Problem requirements: Transcribe the entries that follow, every word as written, and drop the pictures.

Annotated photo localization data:

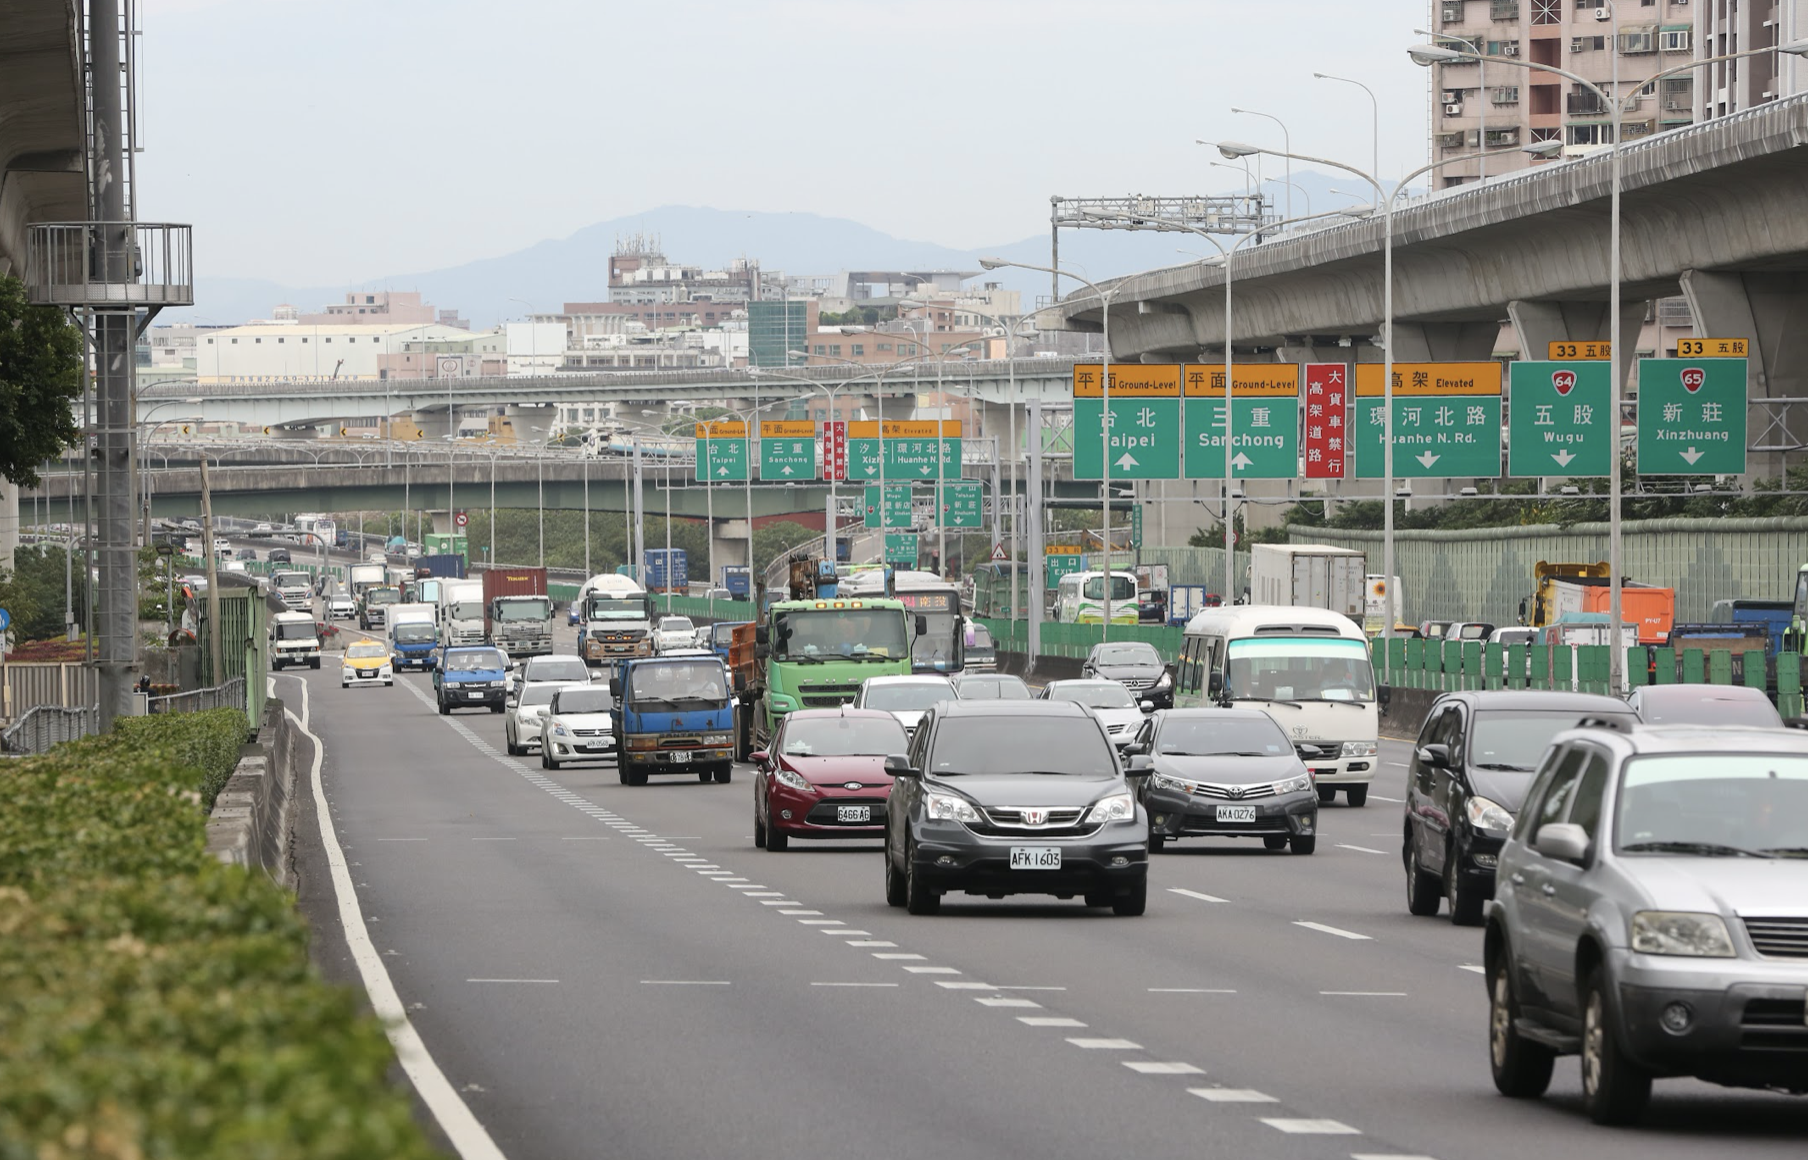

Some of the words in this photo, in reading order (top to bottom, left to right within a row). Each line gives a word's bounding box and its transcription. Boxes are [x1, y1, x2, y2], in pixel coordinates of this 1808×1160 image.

[1557, 345, 1577, 357] 33
[1585, 345, 1611, 357] 五股
[1682, 342, 1703, 354] 33
[1718, 342, 1744, 354] 五股
[1078, 372, 1116, 389] 平面
[1119, 380, 1176, 389] Ground-Level
[1189, 372, 1226, 389] 平面
[1232, 380, 1295, 389] Ground-Level
[1391, 371, 1428, 388] 高架
[1436, 378, 1474, 388] Elevated
[1555, 376, 1572, 387] 64
[1684, 373, 1702, 384] 65
[1098, 407, 1156, 428] 台北
[1211, 407, 1271, 427] 三重
[1370, 406, 1486, 427] 環河北路
[1534, 404, 1593, 425] 五股
[1663, 402, 1722, 423] 新莊
[1308, 381, 1323, 462] 高架道路
[1328, 370, 1342, 473] 大貨車禁行
[1437, 432, 1451, 444] N.
[1455, 432, 1476, 444] Rd.
[1544, 431, 1584, 444] Wugu
[1656, 429, 1729, 442] Xinzhuang
[773, 442, 803, 454] 三重
[712, 457, 736, 465] Taipei
[768, 456, 808, 464] Sanchong
[897, 456, 928, 464] Huanhe
[1051, 558, 1077, 567] 出口
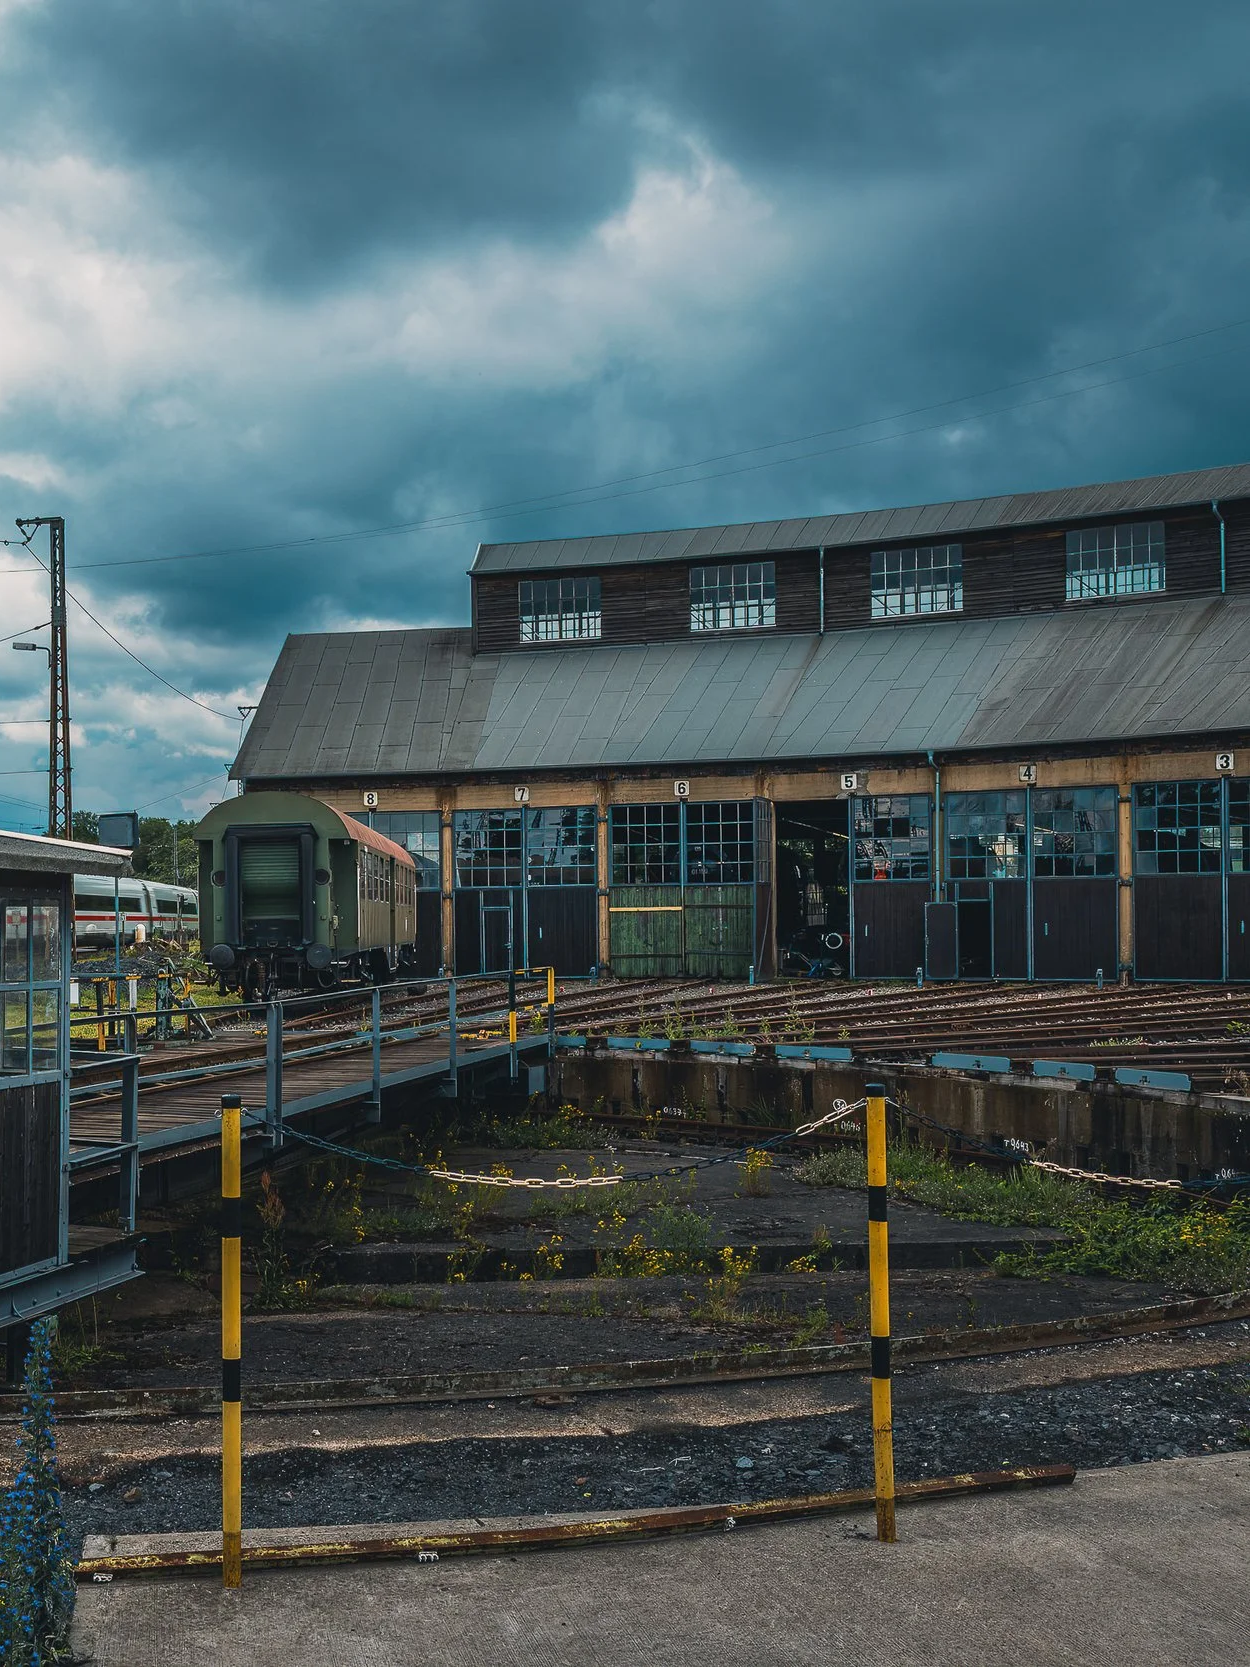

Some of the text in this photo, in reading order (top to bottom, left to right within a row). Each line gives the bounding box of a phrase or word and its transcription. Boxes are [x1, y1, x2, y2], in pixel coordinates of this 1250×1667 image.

Solution for this exercise:
Some of the words in this photo, in reading order (top to bottom, left to right within a row). Each line gives a word's bounding box and its transcription. Boxes are [x1, y1, x2, y2], in pixel coordinates of this 1808×1160 image.

[1557, 345, 1577, 357] 33
[1585, 345, 1611, 357] 五股
[1682, 342, 1703, 354] 33
[1718, 342, 1744, 354] 五股
[1078, 372, 1116, 389] 平面
[1119, 380, 1176, 389] Ground-Level
[1189, 372, 1226, 389] 平面
[1232, 380, 1295, 389] Ground-Level
[1391, 371, 1428, 388] 高架
[1436, 378, 1474, 388] Elevated
[1555, 376, 1572, 387] 64
[1684, 373, 1702, 384] 65
[1098, 407, 1156, 428] 台北
[1211, 407, 1271, 427] 三重
[1370, 406, 1486, 427] 環河北路
[1534, 404, 1593, 425] 五股
[1663, 402, 1722, 423] 新莊
[1308, 381, 1323, 462] 高架道路
[1328, 370, 1342, 473] 大貨車禁行
[1437, 432, 1451, 444] N.
[1455, 432, 1476, 444] Rd.
[1544, 431, 1584, 444] Wugu
[1656, 429, 1729, 442] Xinzhuang
[773, 442, 803, 454] 三重
[712, 457, 736, 465] Taipei
[768, 456, 808, 464] Sanchong
[897, 456, 928, 464] Huanhe
[1051, 558, 1077, 567] 出口

Some of the text in this photo, in reading order (top to bottom, left to right within a row). Each line gives the bounding box of a phrase or word and its transcription. Boxes are [x1, y1, x2, y2], in pixel coordinates of this 1250×1667 image.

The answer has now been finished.